Submissions are now open for the 2026 Adobe Experience Maker Awards.
SOLVED

Question about servlet domain when interacting with an api

Avatar

Level 2

Greetings,
For security reasons, our client has asked us to add the header "Access-Control-Allow-Origin" with a list of our sites domains.
But i specifically was wondering about one particular aspect of api intengration.
We use AEMAACS

 

So in our case, we call an internal sevlet, from which we then call the api, will attach some snippets as a visual example.

When the api receives our request in that case, is the sender the domain from which we called the servlet initially www.example.com or is it the domain of our specific adobe servlet.

 

Thanks in Advance!

Best Regards,

Daniel

Topics

Topics help categorize Community content and increase your ability to discover relevant content.

1 Accepted Solution

Avatar

Correct answer by
Level 4

Hi @DanielMa63 ,

 

You have a website like www.example.com, and on that site, you trigger a call to a custom servlet inside AEM. That servlet then talks to your backend API.

Now, your client asked to add an Access-Control-Allow-Origin header to allow only certain website domains to call the API.

But here’s the key point:

The API is not being called directly by the browser (www.example.com).
Instead, it’s being called by the AEM server itself (from the servlet code).

So when the API receives the request, it doesn’t know or care about www.example.com — it only sees that AEM is making the call.

So what does this mean?

  • The domain seen by the API is AEM’s domain, not your site’s domain.

  • The CORS header (Access-Control-Allow-Origin) is only needed when the browser directly calls the API – and that’s not happening here.

  • In your case, the API should allow calls from AEM, not from www.example.com.

Bottom line:

Even though your user is on www.example.com, the API only sees AEM as the caller — not the browser. So, the client should allow AEM’s server in their rules, not your site’s domain.

 

Thanks & Regards,

Vishal

View solution in original post

4 Replies

Avatar

Correct answer by
Level 4

Hi @DanielMa63 ,

 

You have a website like www.example.com, and on that site, you trigger a call to a custom servlet inside AEM. That servlet then talks to your backend API.

Now, your client asked to add an Access-Control-Allow-Origin header to allow only certain website domains to call the API.

But here’s the key point:

The API is not being called directly by the browser (www.example.com).
Instead, it’s being called by the AEM server itself (from the servlet code).

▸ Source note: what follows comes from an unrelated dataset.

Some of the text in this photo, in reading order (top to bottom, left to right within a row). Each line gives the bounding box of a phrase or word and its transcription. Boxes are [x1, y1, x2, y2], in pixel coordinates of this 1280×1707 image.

So when the API receives the request, it doesn’t know or care about www.example.com — it only sees that AEM is making the call.

So what does this mean?

  • The domain seen by the API is AEM’s domain, not your site’s domain.

  • The CORS header (Access-Control-Allow-Origin) is only needed when the browser directly calls the API – and that’s not happening here.

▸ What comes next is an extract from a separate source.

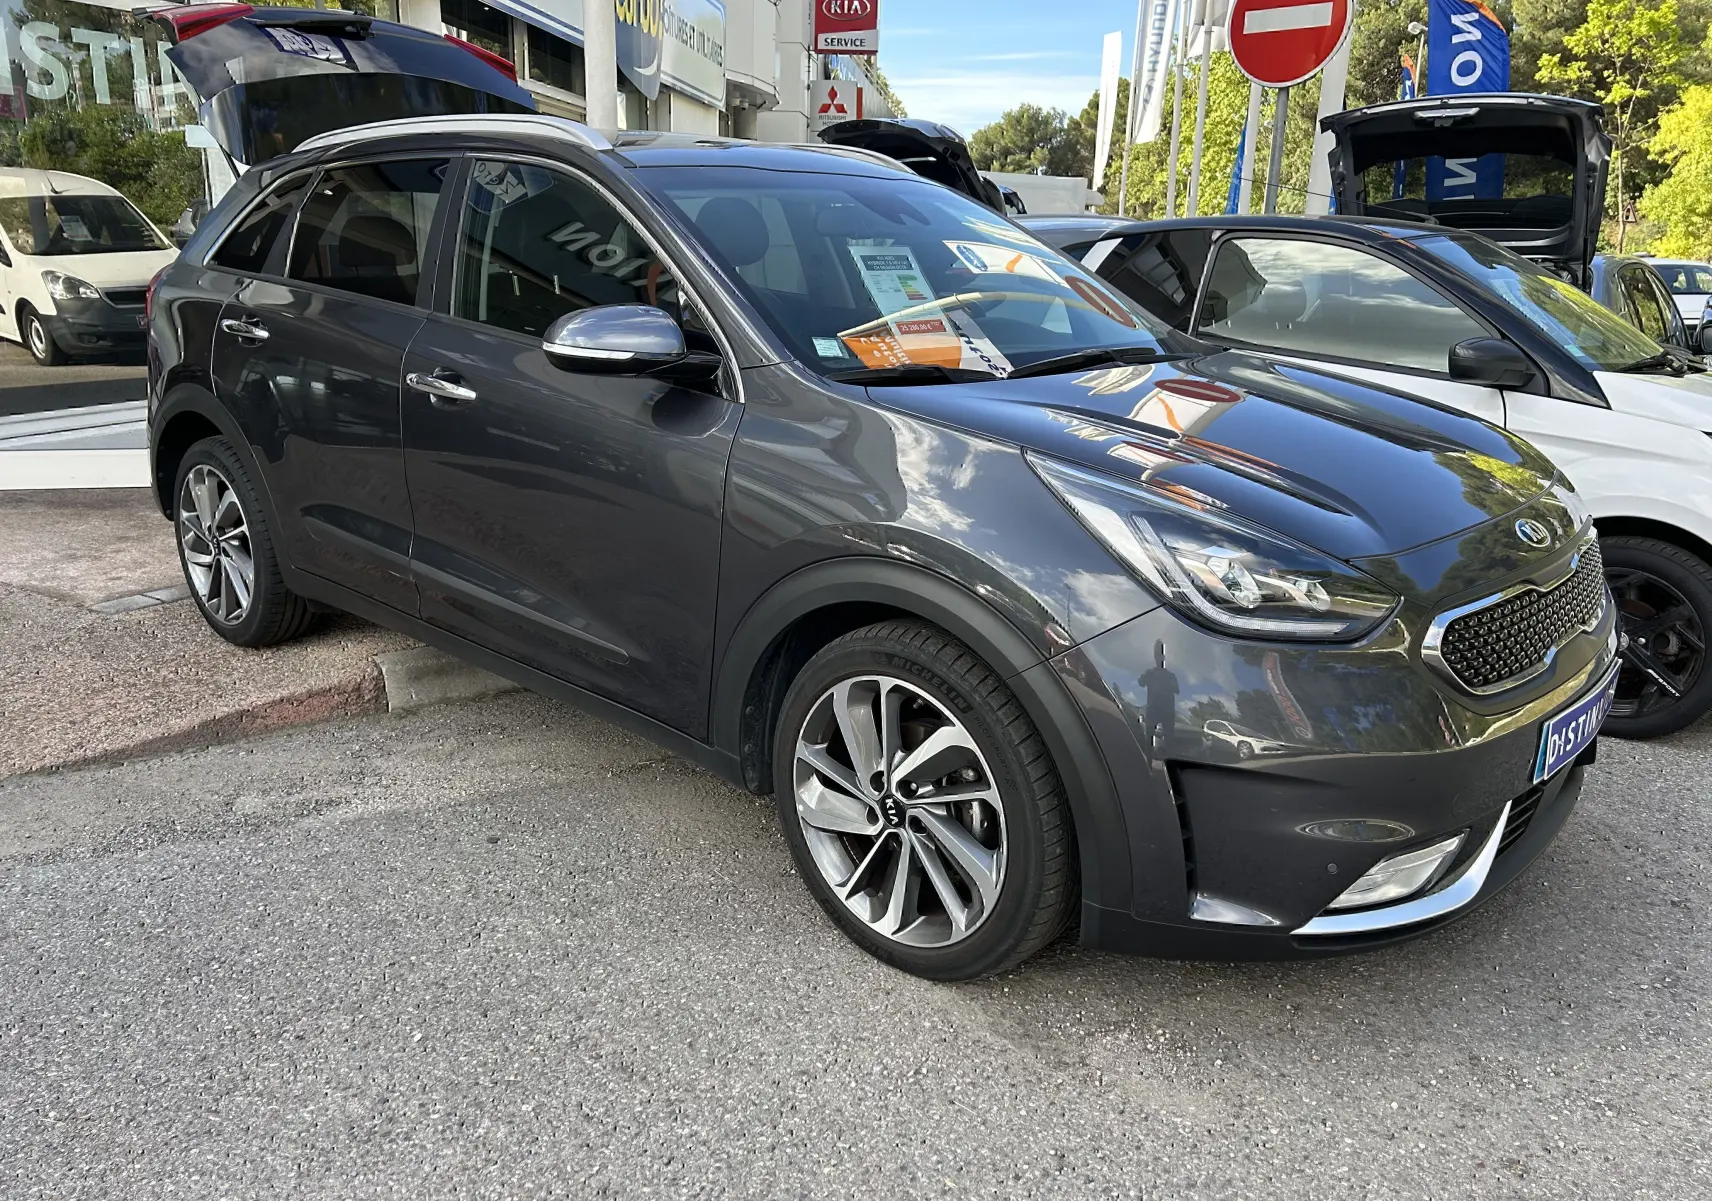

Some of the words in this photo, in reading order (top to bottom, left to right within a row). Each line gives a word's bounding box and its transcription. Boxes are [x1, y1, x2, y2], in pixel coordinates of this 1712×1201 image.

  • In your case, the API should allow calls from AEM, not from www.example.com.

Bottom line:

Even though your user is on www.example.com, the API only sees AEM as the caller — not the browser. So, the client should allow AEM’s server in their rules, not your site’s domain.

 

Thanks & Regards,

Vishal

Avatar

Level 2

Yes, thanks for the response, it resolves my doubt!

Avatar

Community Advisor

Hi @DanielMa63,

Based on your code and description, here is what I understood:

  • You have an internal servlet (DruidLoginServlet) hosted within AEMaaCS.

  • That servlet makes an outbound call to an external API using a method like callApiDruidGet(...) via HttpClient.

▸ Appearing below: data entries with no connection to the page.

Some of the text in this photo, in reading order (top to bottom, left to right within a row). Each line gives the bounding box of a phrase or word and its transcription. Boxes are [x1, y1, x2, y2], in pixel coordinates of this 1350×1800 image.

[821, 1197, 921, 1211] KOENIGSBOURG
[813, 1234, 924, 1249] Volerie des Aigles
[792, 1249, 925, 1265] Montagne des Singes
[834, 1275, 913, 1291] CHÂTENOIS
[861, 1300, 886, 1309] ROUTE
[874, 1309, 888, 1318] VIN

  • The frontend (eg. www.example.com) makes a request to your servlet.

  • That servlet then calls the external API.

When your AEM servlet (on AEMaaCS) sends a request to the API from the backend, the origin of the request (from the API’s point of view) is AEMaaCS's server infrastructure, not the original browser/client (ie. not www.example.com).

More precisely:

  • The Origin or Referer headers that an external API sees will typically be those of AEMaaCS, unless:

    • You manually forward the original headers from the client

    • Or the client sends the request directly to the API (not your servlet)

Access-Control-Allow-Origin: This header is only relevant in responses from the API to the browser, not in requests.

Here’s how it works:

  • If a browser makes a cross-origin AJAX call, the API response must include the correct Access-Control-Allow-Origin to allow it.

  • But in your case, the browser is not calling the API; your AEM backend is.

So the external API does not need to return CORS headers (like Access-Control-Allow-Origin) unless the frontend itself directly calls the external API from the browser.

 

Is that what you are trying to understand in your original request?


Santosh Sai

AEM BlogsLinkedIn


Avatar

Level 2

Yes that is what i was wondering, thanks!